EXERCISE OBJECTIVE: The line with "this 1600×1000 image." through the last line of the entries: give these again exactly, and only these, without any pictures.
####
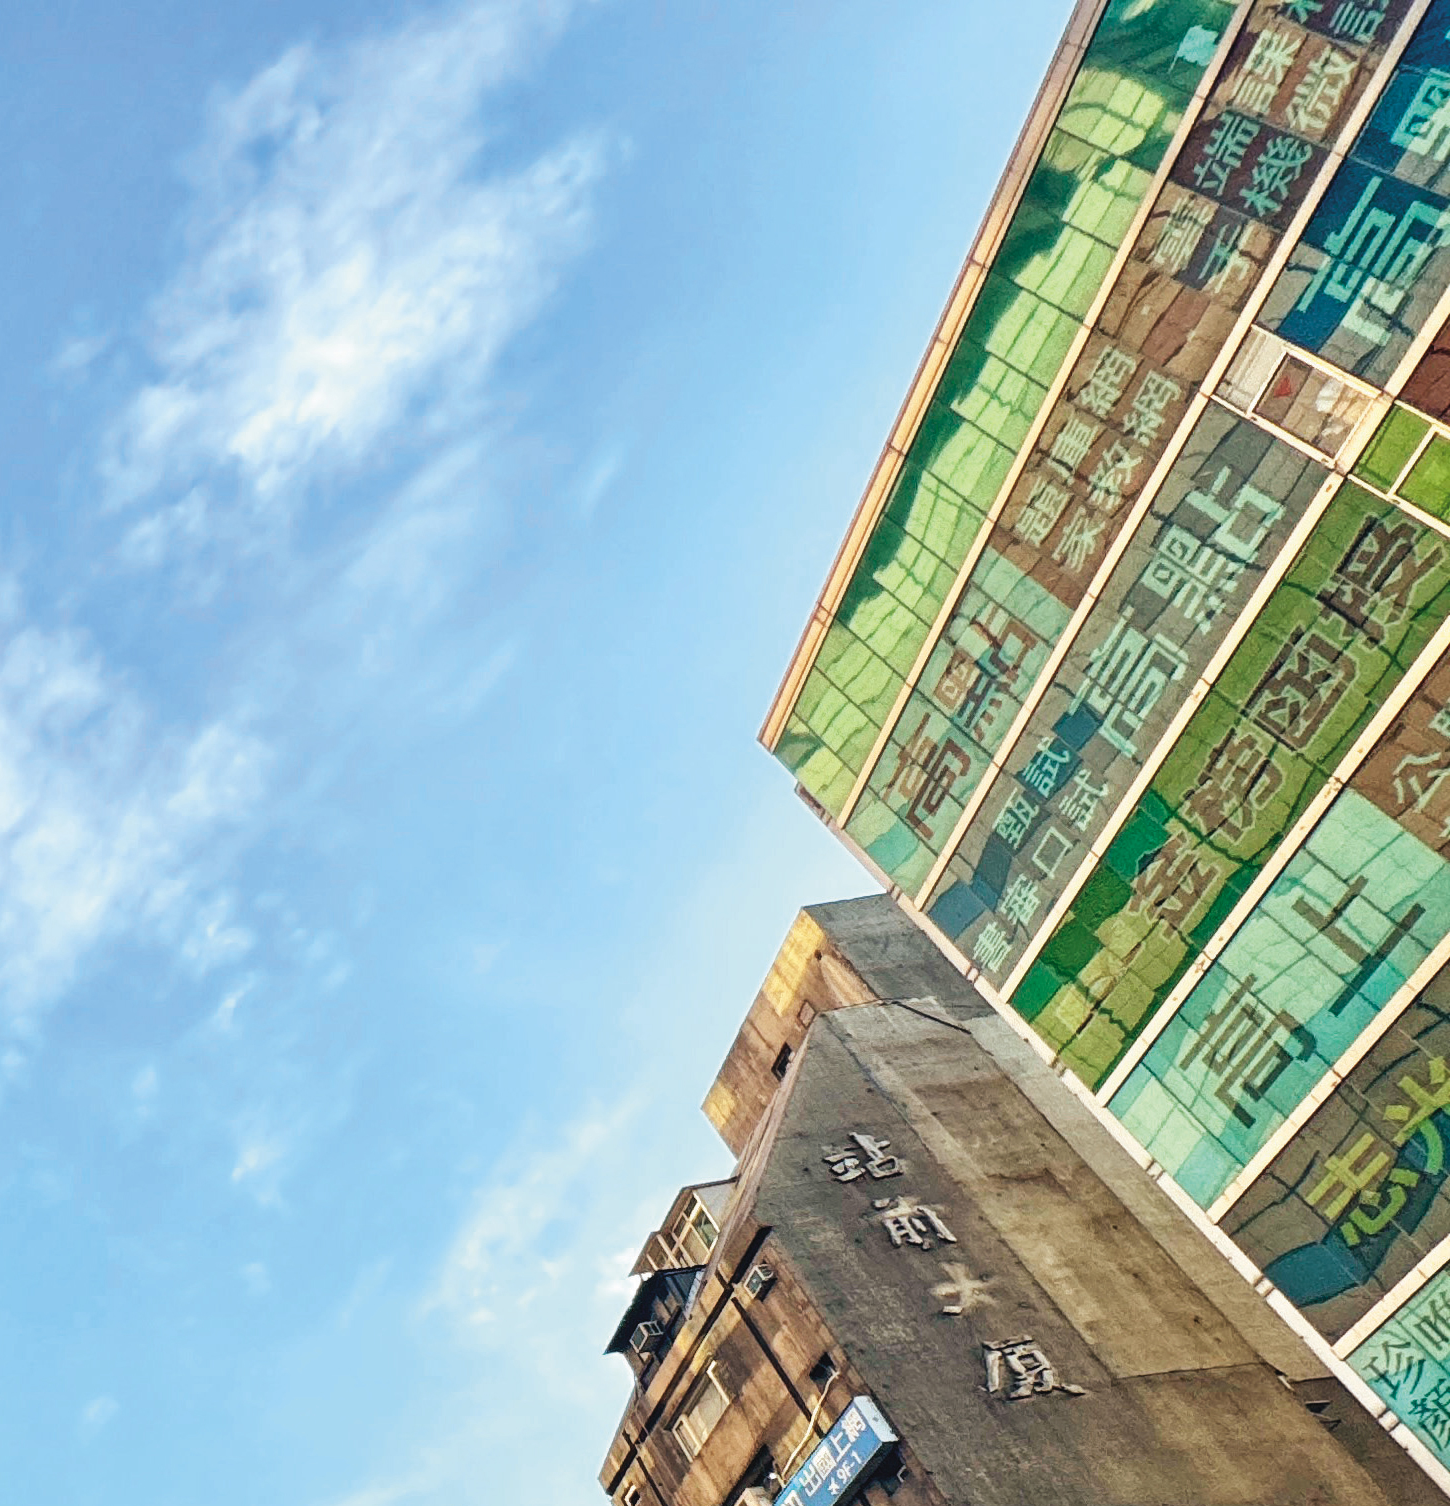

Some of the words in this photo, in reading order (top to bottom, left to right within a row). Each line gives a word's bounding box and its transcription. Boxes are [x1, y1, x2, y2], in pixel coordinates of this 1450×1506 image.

[1013, 344, 1138, 546] 題庫網
[1053, 368, 1184, 573] 家教網
[1069, 465, 1287, 758] 高點
[881, 605, 1037, 840] 高點
[993, 733, 1073, 851] 甄試
[1127, 511, 1448, 938] 金榜函授
[972, 766, 1110, 972] 書審口試
[1177, 874, 1426, 1129] 高上
[1308, 1056, 1450, 1246] 志光
[800, 1405, 867, 1497] 出國上網
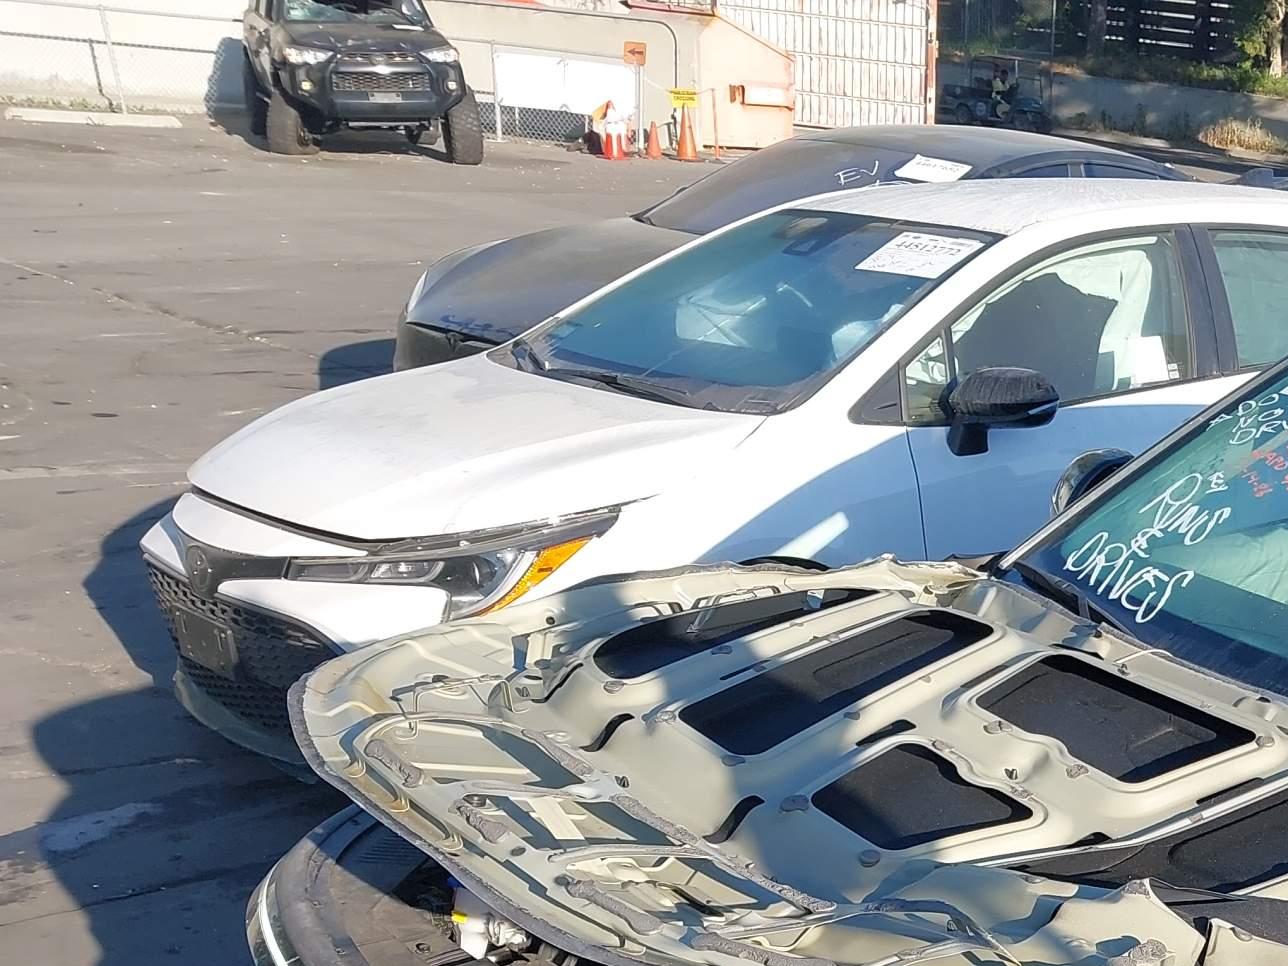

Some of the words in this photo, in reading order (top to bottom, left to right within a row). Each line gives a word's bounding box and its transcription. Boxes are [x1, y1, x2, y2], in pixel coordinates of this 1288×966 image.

[834, 160, 879, 186] EV
[1139, 473, 1231, 546] RUNS
[1063, 531, 1195, 624] DRIVES
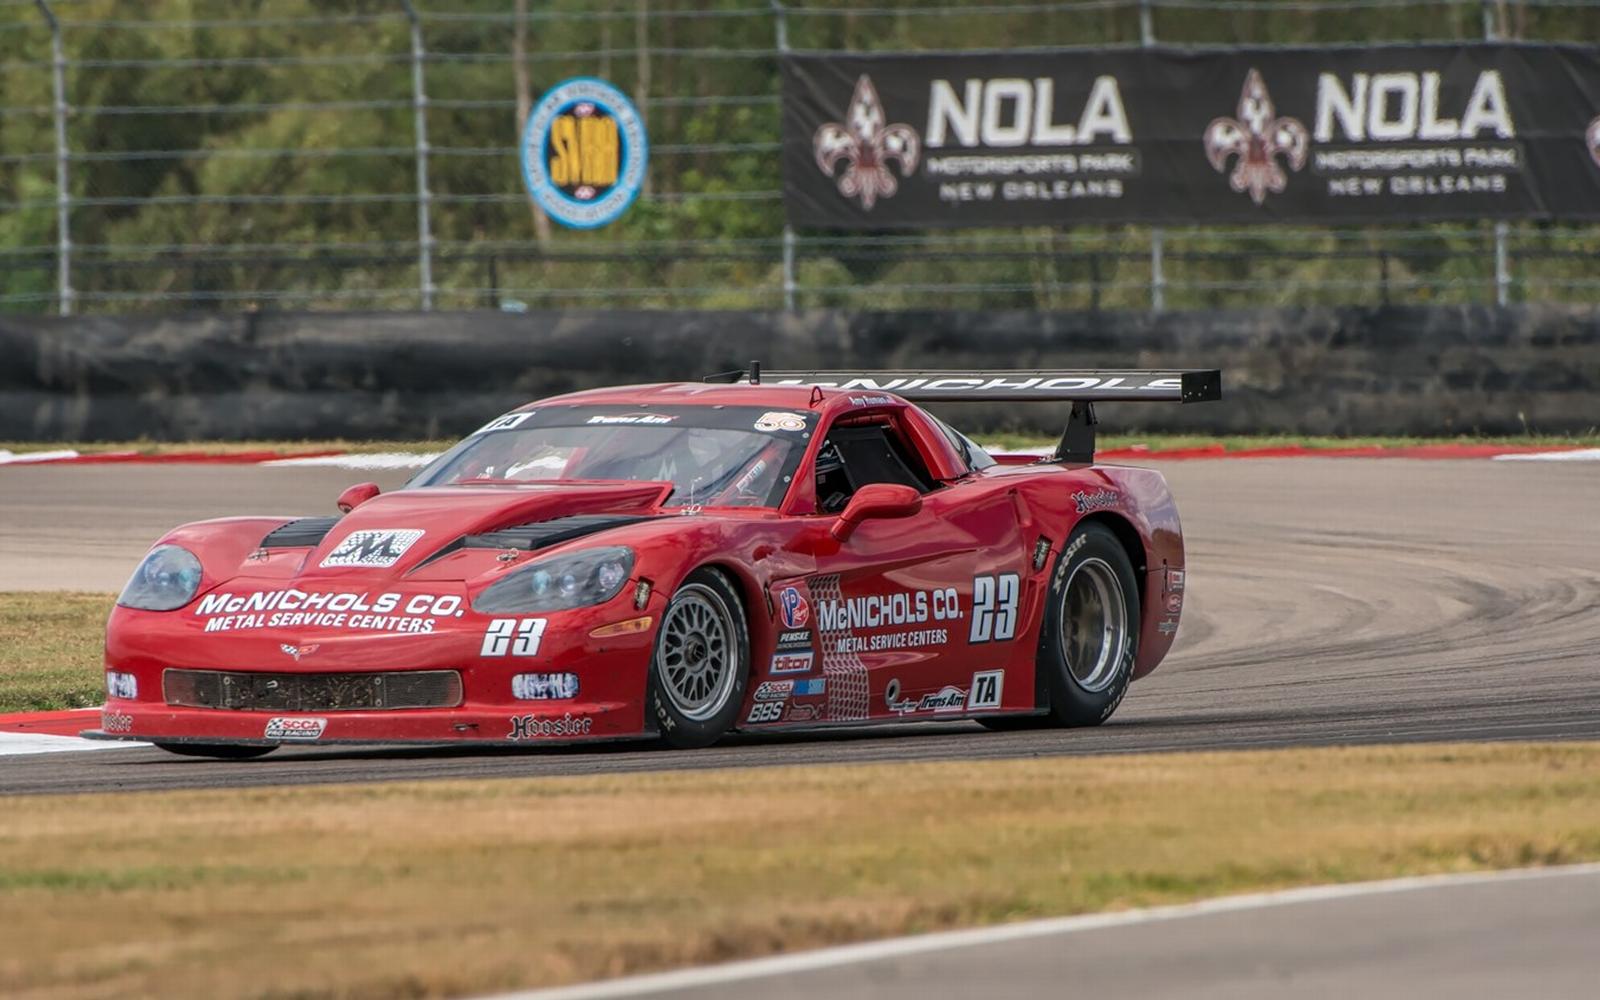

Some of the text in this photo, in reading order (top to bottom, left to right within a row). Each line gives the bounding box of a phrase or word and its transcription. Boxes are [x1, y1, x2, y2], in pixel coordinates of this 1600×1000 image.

[925, 75, 1132, 147] NOLA
[1314, 70, 1515, 142] NOLA
[926, 153, 1135, 175] MOTORSPORTS PARK
[1315, 147, 1518, 170] MOTORSPORTS PARK
[939, 179, 1124, 202] NEW ORLEANS
[1328, 175, 1507, 196] NEW ORLEANS
[194, 588, 465, 618] McNICHOLS CO.
[818, 595, 928, 632] McNICHOLS
[932, 588, 964, 620] CO.
[968, 573, 1021, 644] 23
[204, 612, 434, 634] METAL SERVICE CENTERS
[479, 617, 549, 657] 23
[837, 629, 948, 654] METAL SERVICE CENTERS
[919, 694, 946, 709] Trans
[945, 692, 965, 707] Am
[976, 675, 997, 704] TA
[747, 701, 785, 722] BBS
[266, 728, 321, 738] PRO RACING
[281, 719, 322, 730] SCCA
[507, 713, 592, 740] Hoosier
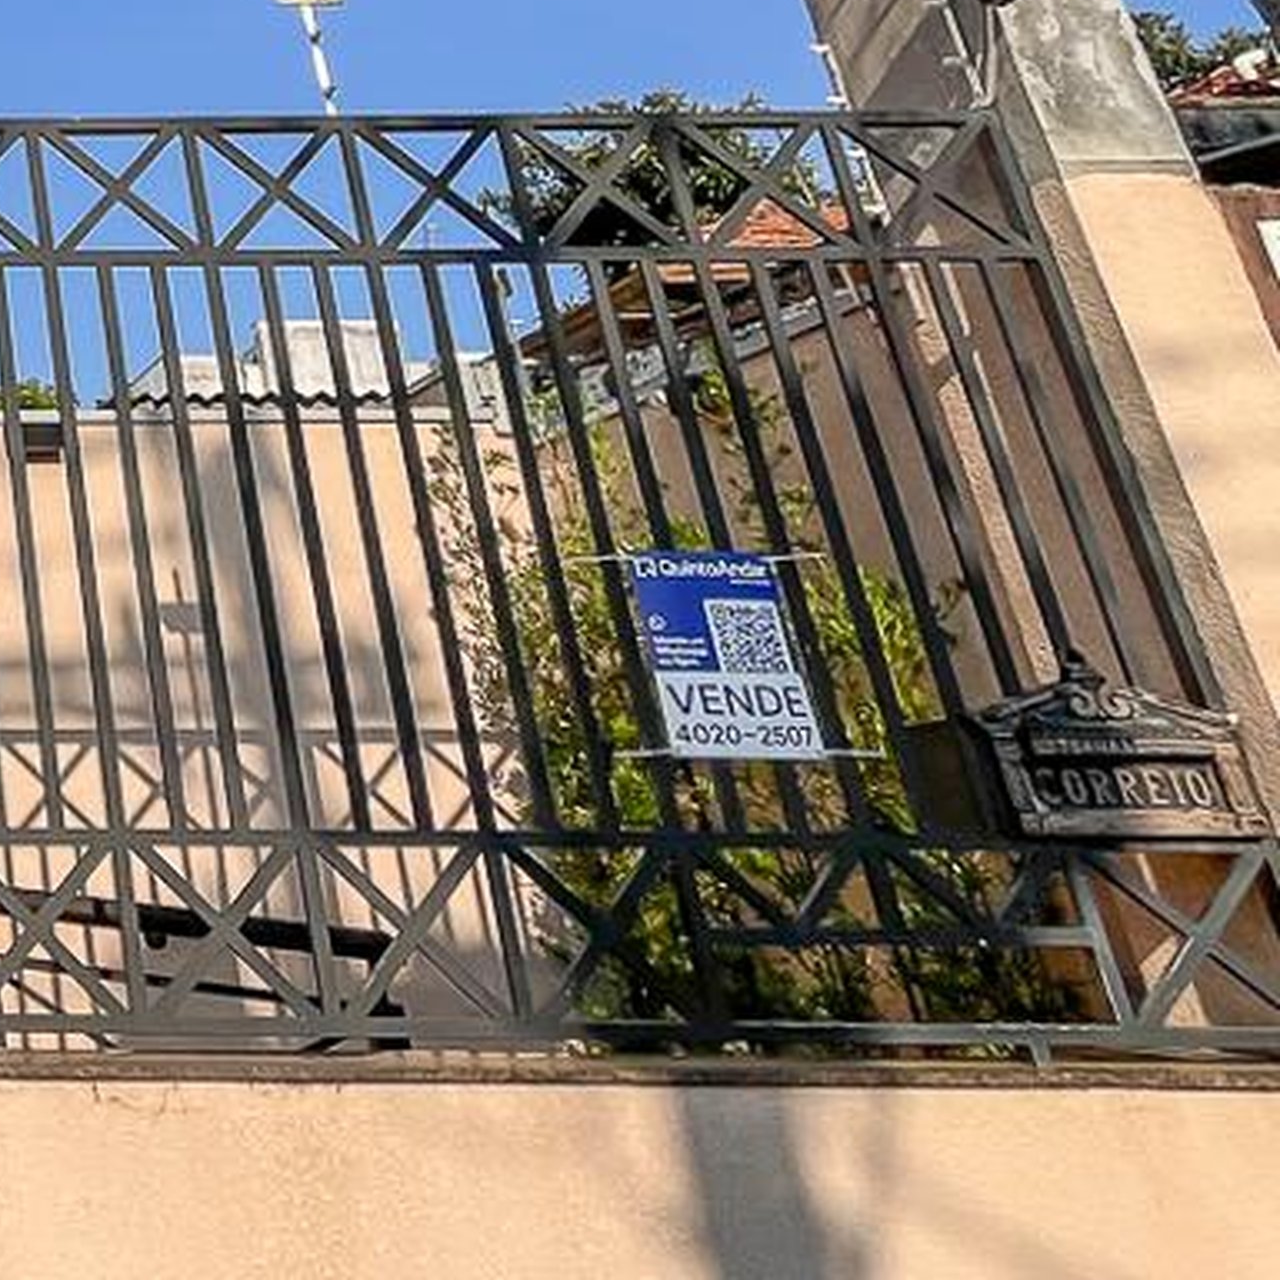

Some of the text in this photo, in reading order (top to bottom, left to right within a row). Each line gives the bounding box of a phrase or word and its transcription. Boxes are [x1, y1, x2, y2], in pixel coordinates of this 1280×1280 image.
####
WRITTEN RESPONSE:
Some of the text in this photo, in reading order (top to bottom, left to right within a row). Each line gives the bounding box of a phrase or word and its transcription. Boxes are [x1, y1, x2, y2], in pixel coordinates of this 1600×1000 image.

[925, 75, 1132, 147] NOLA
[1314, 70, 1515, 142] NOLA
[926, 153, 1135, 175] MOTORSPORTS PARK
[1315, 147, 1518, 170] MOTORSPORTS PARK
[939, 179, 1124, 202] NEW ORLEANS
[1328, 175, 1507, 196] NEW ORLEANS
[194, 588, 465, 618] McNICHOLS CO.
[818, 595, 928, 632] McNICHOLS
[932, 588, 964, 620] CO.
[968, 573, 1021, 644] 23
[204, 612, 434, 634] METAL SERVICE CENTERS
[479, 617, 549, 657] 23
[837, 629, 948, 654] METAL SERVICE CENTERS
[919, 694, 946, 709] Trans
[945, 692, 965, 707] Am
[976, 675, 997, 704] TA
[747, 701, 785, 722] BBS
[266, 728, 321, 738] PRO RACING
[281, 719, 322, 730] SCCA
[507, 713, 592, 740] Hoosier

Some of the text in this photo, in reading order (top to bottom, left to right within a row). Each line gives the bounding box of a phrase or word and its transcription. Boxes are [x1, y1, x2, y2], in pixel coordinates of this 1280×1280 image.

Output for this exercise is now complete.